Sporting a pair of ears that might make Dumbo jealous, we first meet Asa (Askhat Kuchinchirekov) on his way to meet his would-be bride and her parents. Dressed in his pressed Navy outfit, he speaks of his future with starry eyes and feet untethered to the ground, unlike his gruff brother-in-law and lifetime sheep-herder Ondas (Ondas Besikbasov) and very much like his buffoonish friend Boni (Tolepbergen Baisakalov). The bride refuses, citing his enormous ears. The young bride's name is Tulpan, which translates to tulip and gives this marvelous, utterly unclassifiable comedic object its title.

The very setting of Sergei Dvortsevoy's film, his first narrative feature, is meant to polarize and isolate. Living in a shared yurt with his sister (Samal Esljamova) and Ondas, Asa sets into a hazy depression as Ondas continually demeans his admittedly inept attempts at sheep-herding and winning Tulpan's heart.
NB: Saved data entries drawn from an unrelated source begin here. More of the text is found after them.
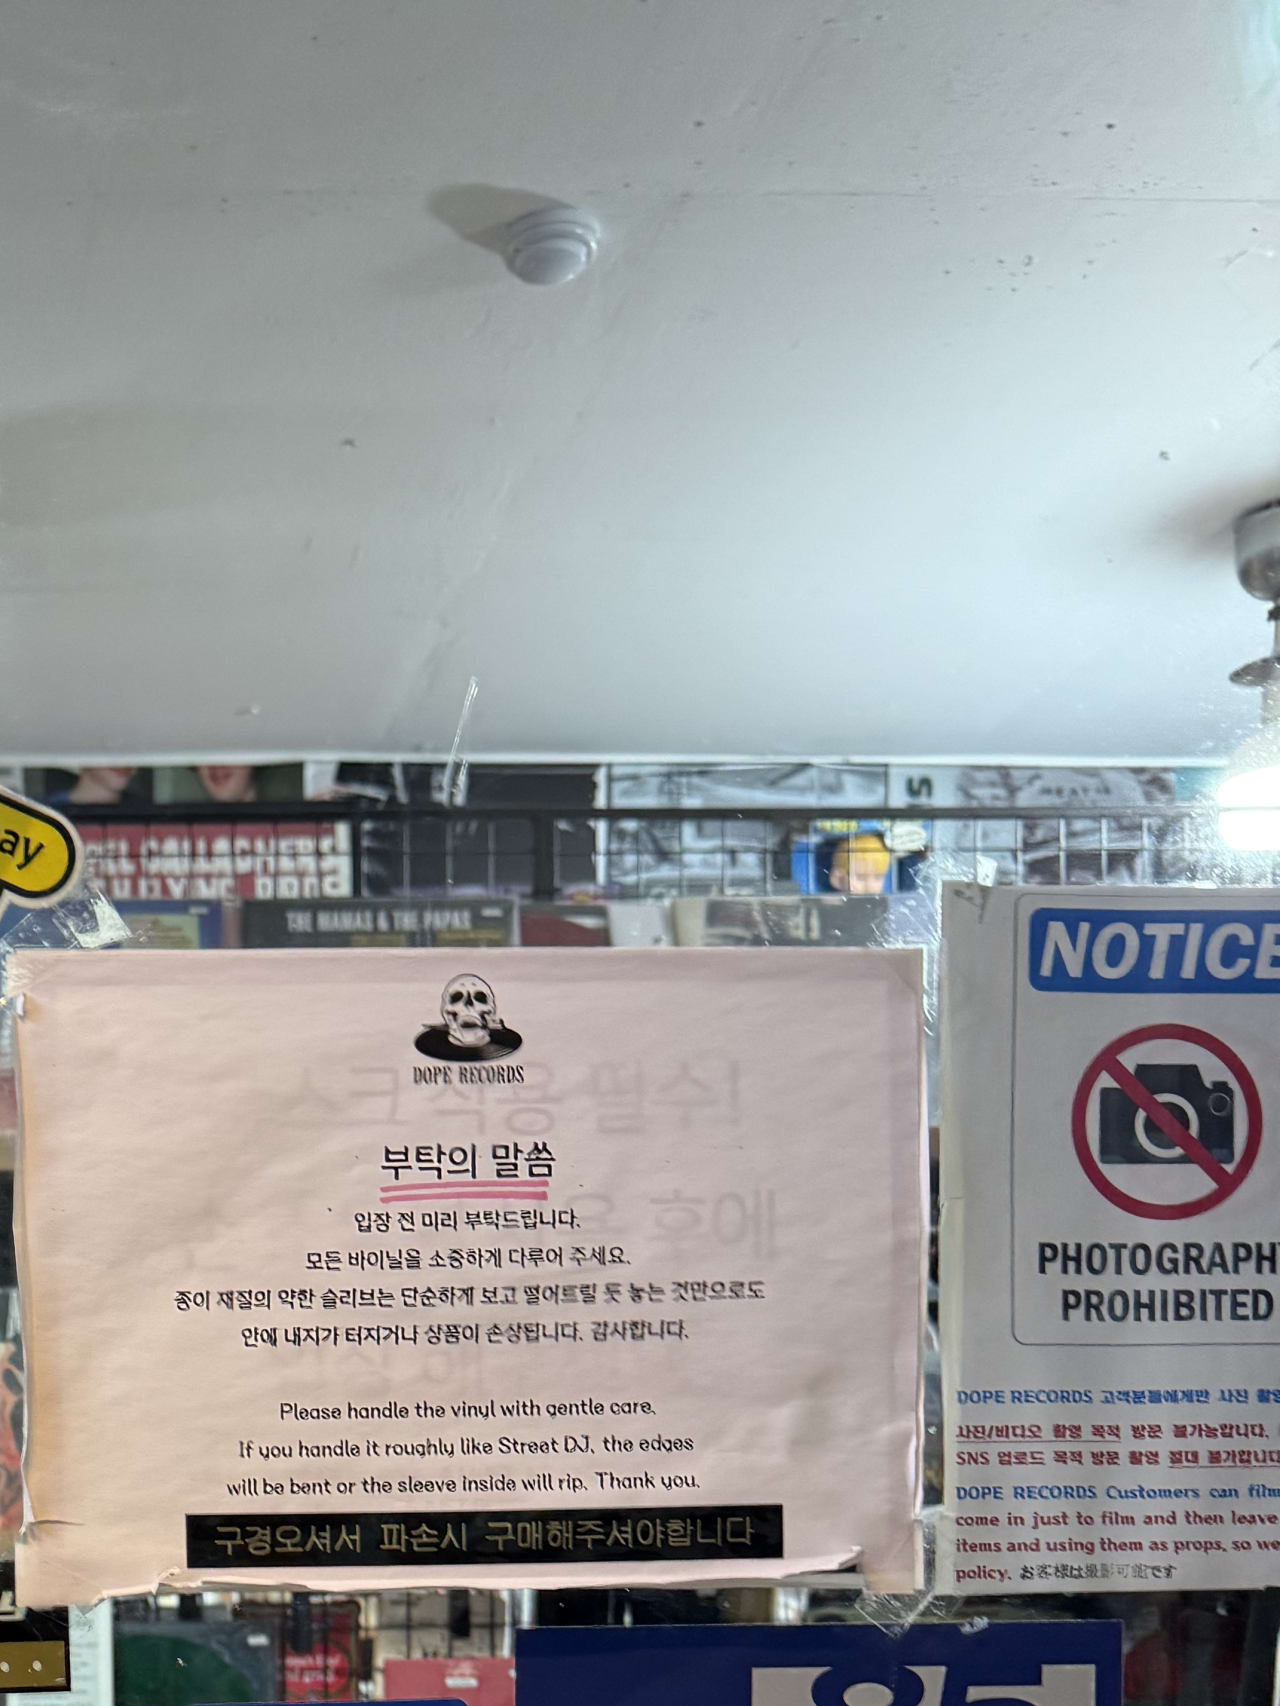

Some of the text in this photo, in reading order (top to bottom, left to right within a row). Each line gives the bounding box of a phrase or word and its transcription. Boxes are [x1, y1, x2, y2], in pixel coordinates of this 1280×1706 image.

[412, 1064, 526, 1086] DOPE RECORDS
[380, 1143, 557, 1182] 부탁의 말씀
[354, 1209, 581, 1233] 입장 미리 부탁드립니다.
[306, 1246, 632, 1271] 모든 바이닐을 소중하게 다루어 주세요.
[1038, 1242, 1280, 1275] PHOTOGRAPH
[174, 1285, 516, 1311] 종이 재질의 약한 슬리브는 단순하게 보고
[1062, 1289, 1274, 1322] PROHIBITED
[241, 1322, 584, 1348] 안에 내지가 터지거나 상품이 손상됩니다.
[280, 1398, 605, 1421] Please handle the vinyl with gentle
[956, 1389, 1094, 1405] DOPE RECORDS
[258, 1434, 695, 1461] you handle roughly like Street the edges
[956, 1450, 990, 1465] SNS
[289, 1471, 656, 1495] bent the sleeve inside Thank
[956, 1485, 1202, 1500] DOPE RECORDS Customers
[214, 1516, 755, 1556] 구경오셔서 파손시 구매해주셔야합니다
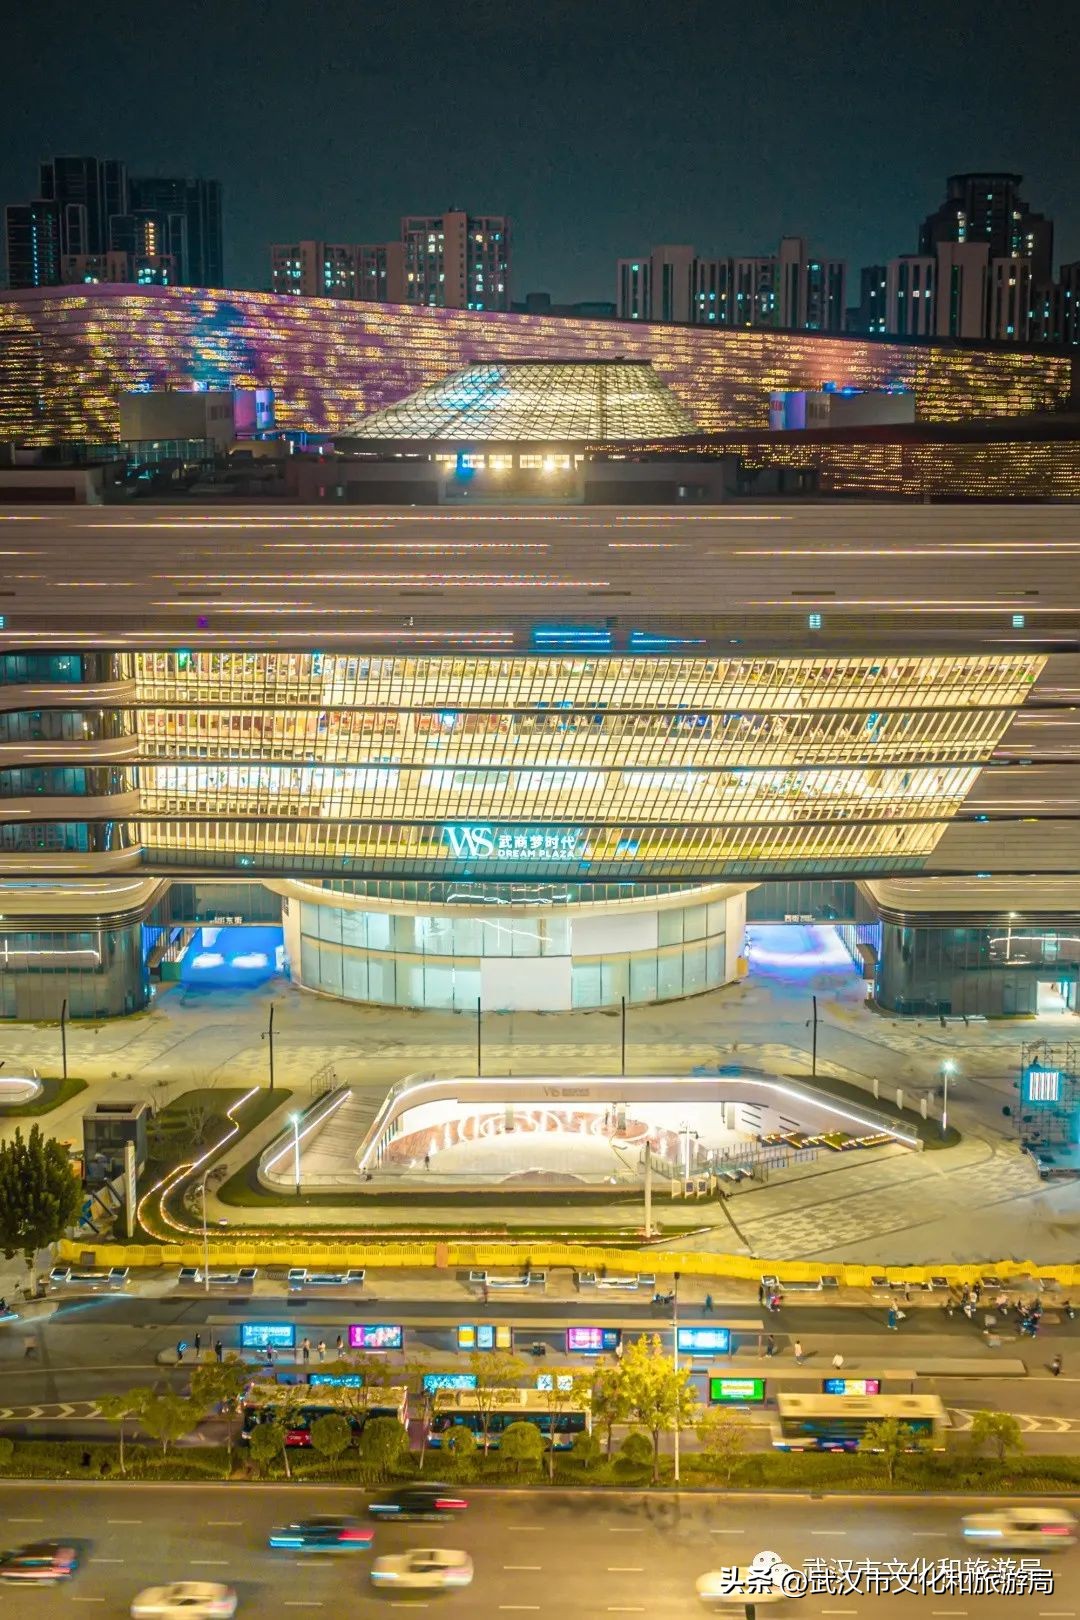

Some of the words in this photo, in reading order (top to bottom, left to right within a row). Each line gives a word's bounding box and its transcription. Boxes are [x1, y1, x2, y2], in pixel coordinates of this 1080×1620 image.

[498, 834, 575, 849] 武商梦时代
[498, 849, 536, 858] DREAM
[539, 849, 574, 858] PLAZA
Filming in southern Kazakhstan, Dvortsevoy's home-country, the director submerges the viewer in the empty space of Betpak Dala and the rituals and day-to-days of its inhabitants, "inhabitants" which are relegated to Asa's family and Tulpan's.
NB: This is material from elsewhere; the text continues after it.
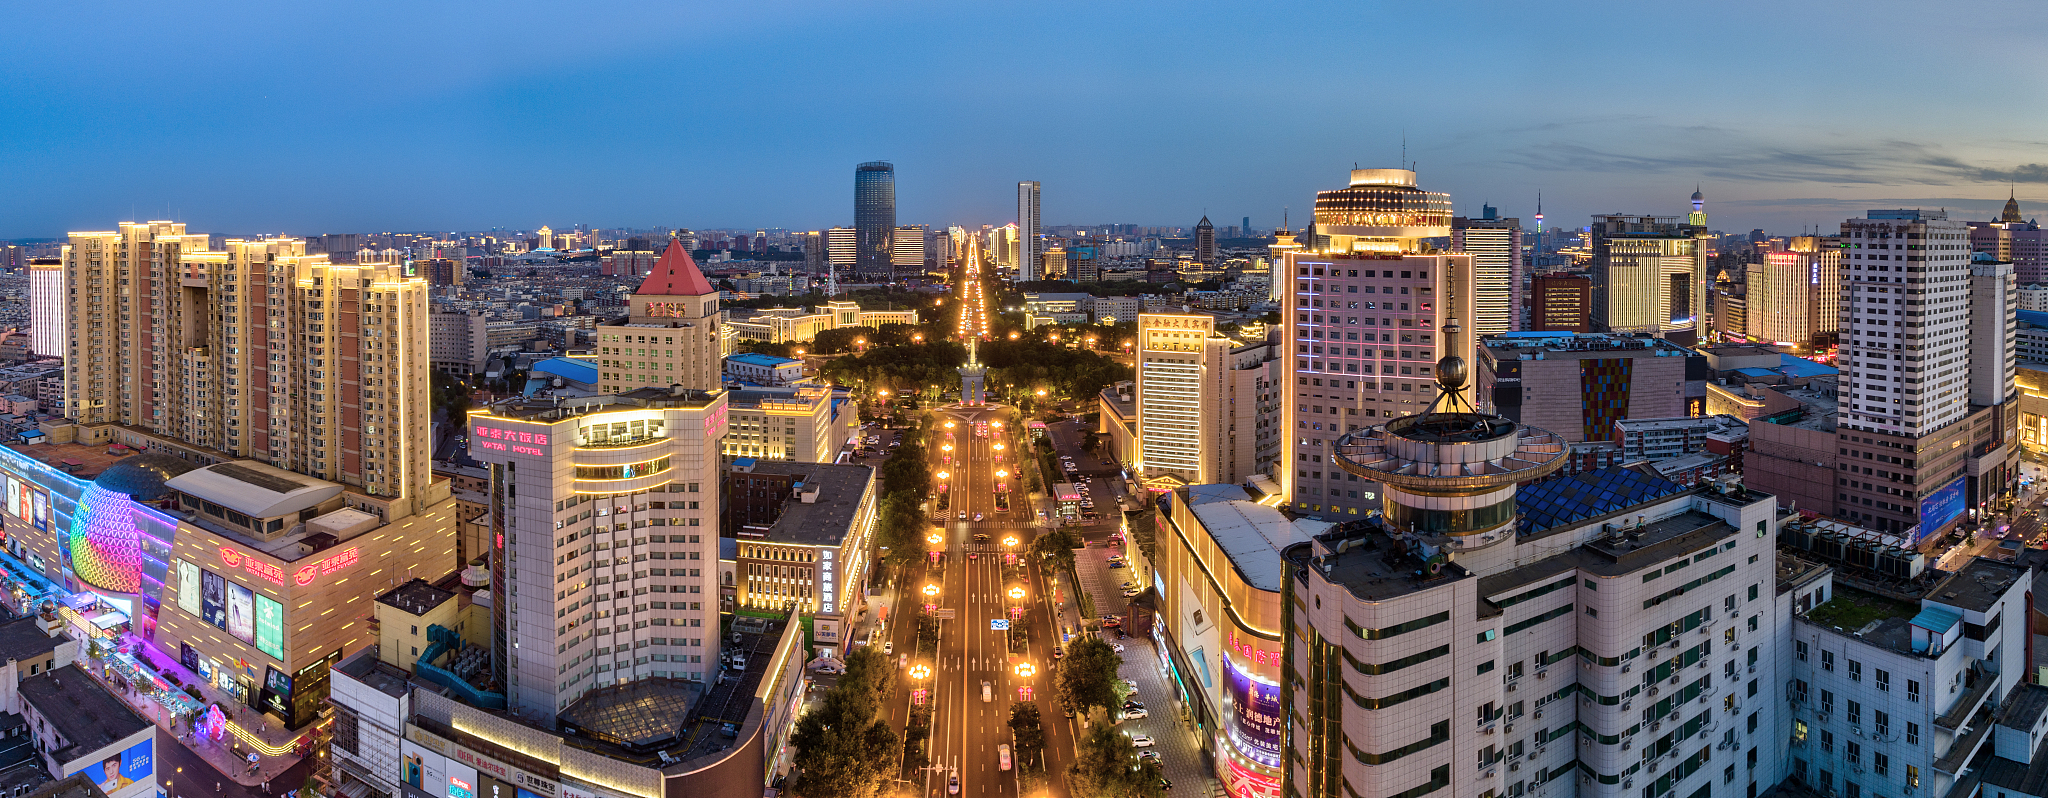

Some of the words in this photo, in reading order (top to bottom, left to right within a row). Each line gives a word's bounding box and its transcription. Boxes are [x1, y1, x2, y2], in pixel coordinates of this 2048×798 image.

[476, 425, 548, 446] 亚泰大饭店
[481, 440, 507, 452] YATAI
[512, 444, 544, 457] HOTEL
[822, 550, 833, 613] 如家商旅酒店
If a work like Kiyoshi Kurosawa's recent Tokyo Sonata deployed globalization and the death of tradition as a psychological plague, the forge for modernity finds a more subtle and gentile parable in Tulpan. As Asa ponders whether his place is on the steppe with his family or in the city with Boni, Tulpan has already set her sights on a university rather than a piece of the steppe, already boasting a disregard for traditional roles. Dvortsevoy has made the decision between modern culture vs. tradition startlingly unsentimental; if the choice is between the excruciatingly off-key singing of Asa's niece or the nauseating reggae coming from Boni's radio, the answer isn't completely clear.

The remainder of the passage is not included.